Since by assumption $E$ is $\mu^{*}$-measurable we have that for all $F \subset X$ we have:

$\mu^{*}(F) = \mu^{*}(F \cap E) + \mu^{*}(F\cap E^{c})$

Since this holds for all $F \subset X$ it must also hold for $B$ as you constructed above. Now use the fact that $E \subset B$ and part (a) to rearrange the above and show that $0 \leq \mu^{*}(B\setminus E)< \varepsilon$.

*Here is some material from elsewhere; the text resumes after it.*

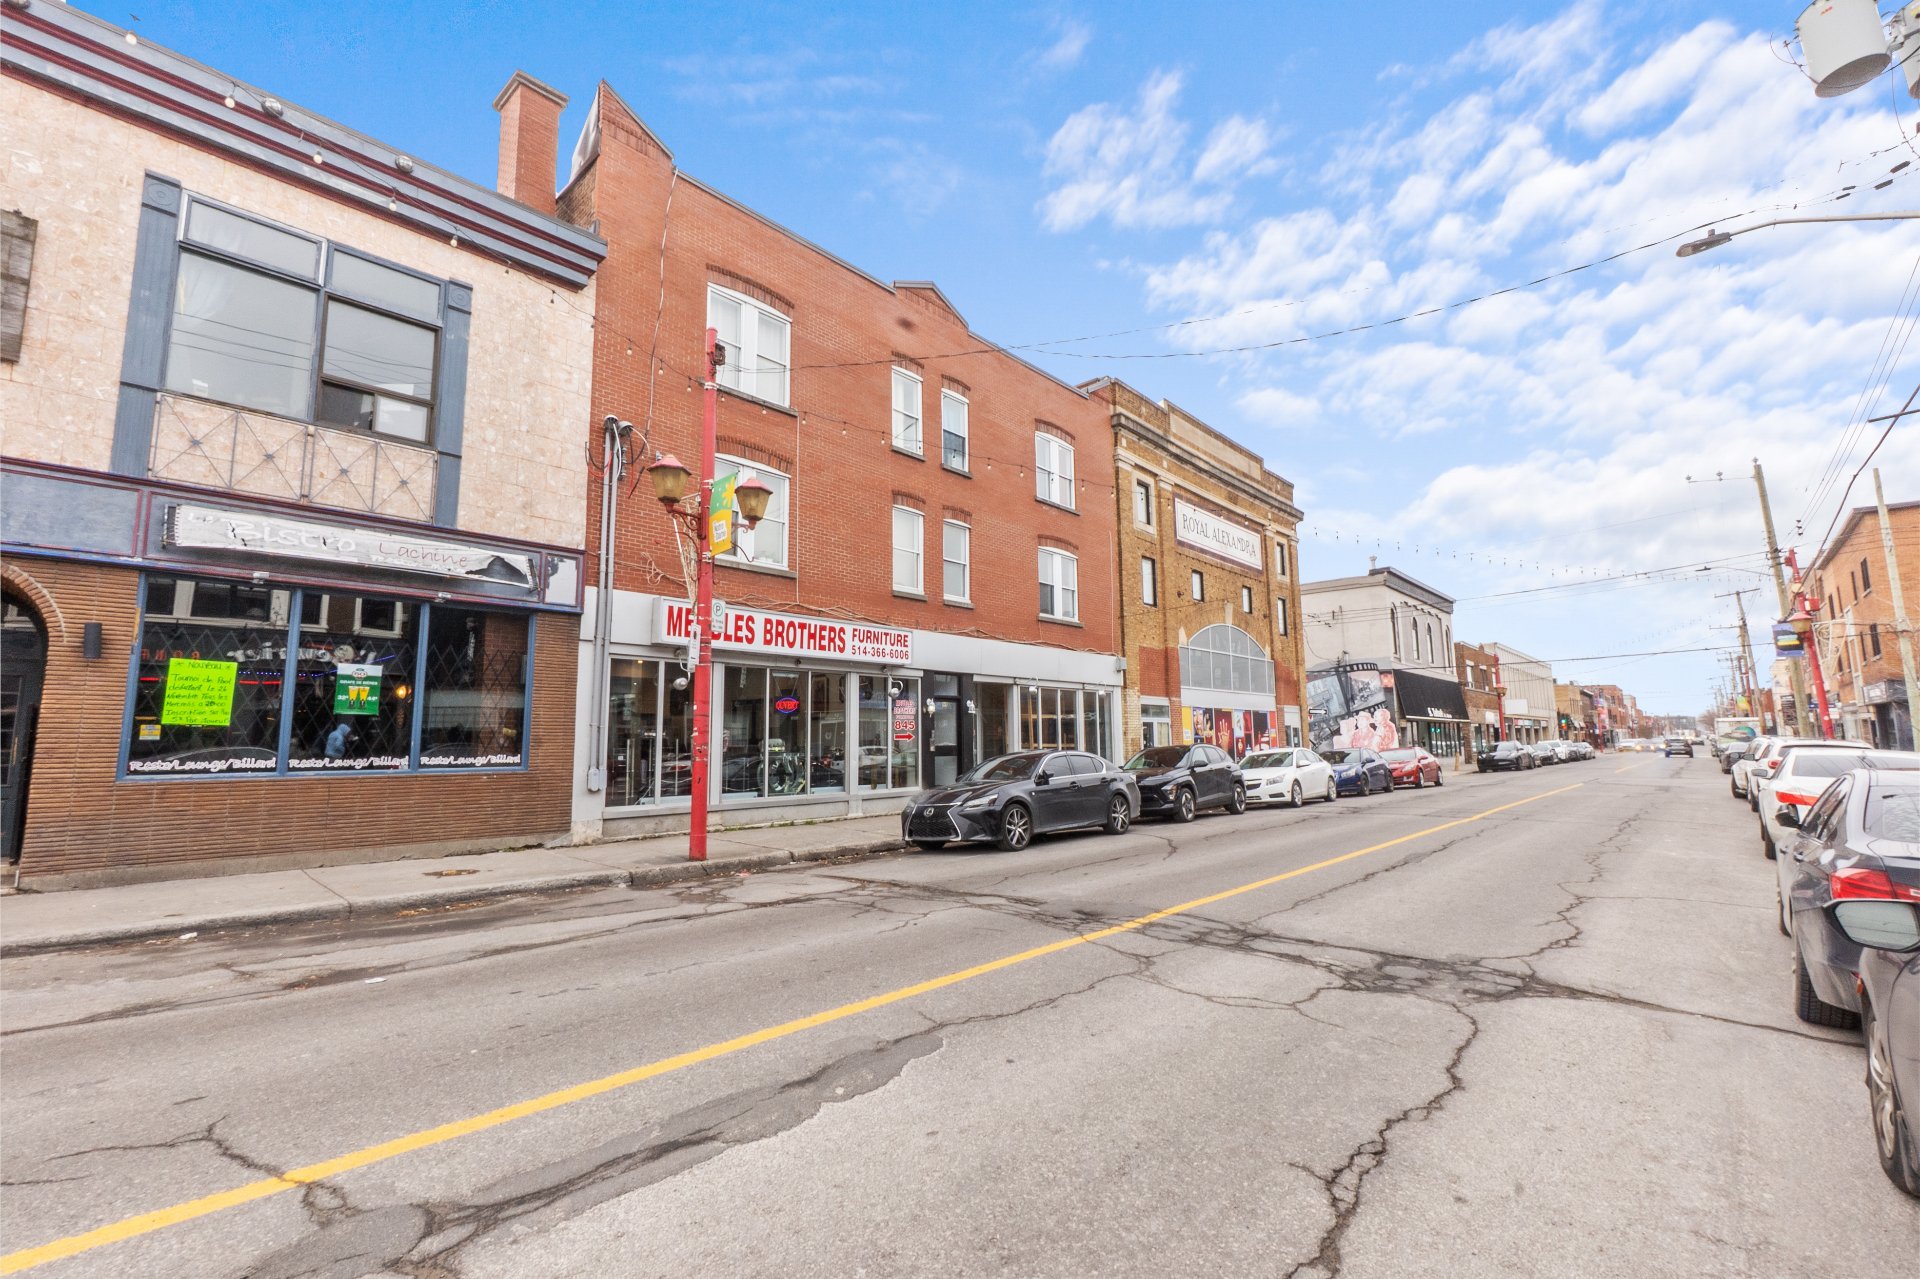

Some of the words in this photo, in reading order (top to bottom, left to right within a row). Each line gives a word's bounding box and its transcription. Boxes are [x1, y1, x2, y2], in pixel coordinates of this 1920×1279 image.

A hint for the reverse case:

First if there exists such a set $B$ show that $B$ is $\mu^{*}$ measurable. Then you get that for any $F \subset X$:

$\mu^{*}(F) = \mu^{*}(F \cap B) + \mu^{*}(F\cap B^{c})$

Now try to show that:

$\mu^{*}(F \cap B) \geq \mu^{*}(F\cap B\cap E) + \mu^{*}(F\cap B \cap E^{c})$

and

$\mu^{*}(F \cap B^{c}) = \mu^{*}(F\cap B^{c} \cap E^{c} ) + \mu^{*}(F\cap B^{c} \cap E)$

Finally note that:

$F \cap E = (F\cap B\cap E)\cup(F\cap B^{c} \cap E)$

and

$F\cap E^{c} = (F\cap B\cap E^{c})\cup(F\cap B^{c} \cap E^{c})$

Combining all of this information with subadditivity of $\mu^{*}$ it is possible to show that $\mu^{*}(F) \geq \mu^{*}(F\cap E) + \mu^{*}(F \cap E^{c})$ which is sufficient to prove $E$ is $\mu^{*}$ measurable.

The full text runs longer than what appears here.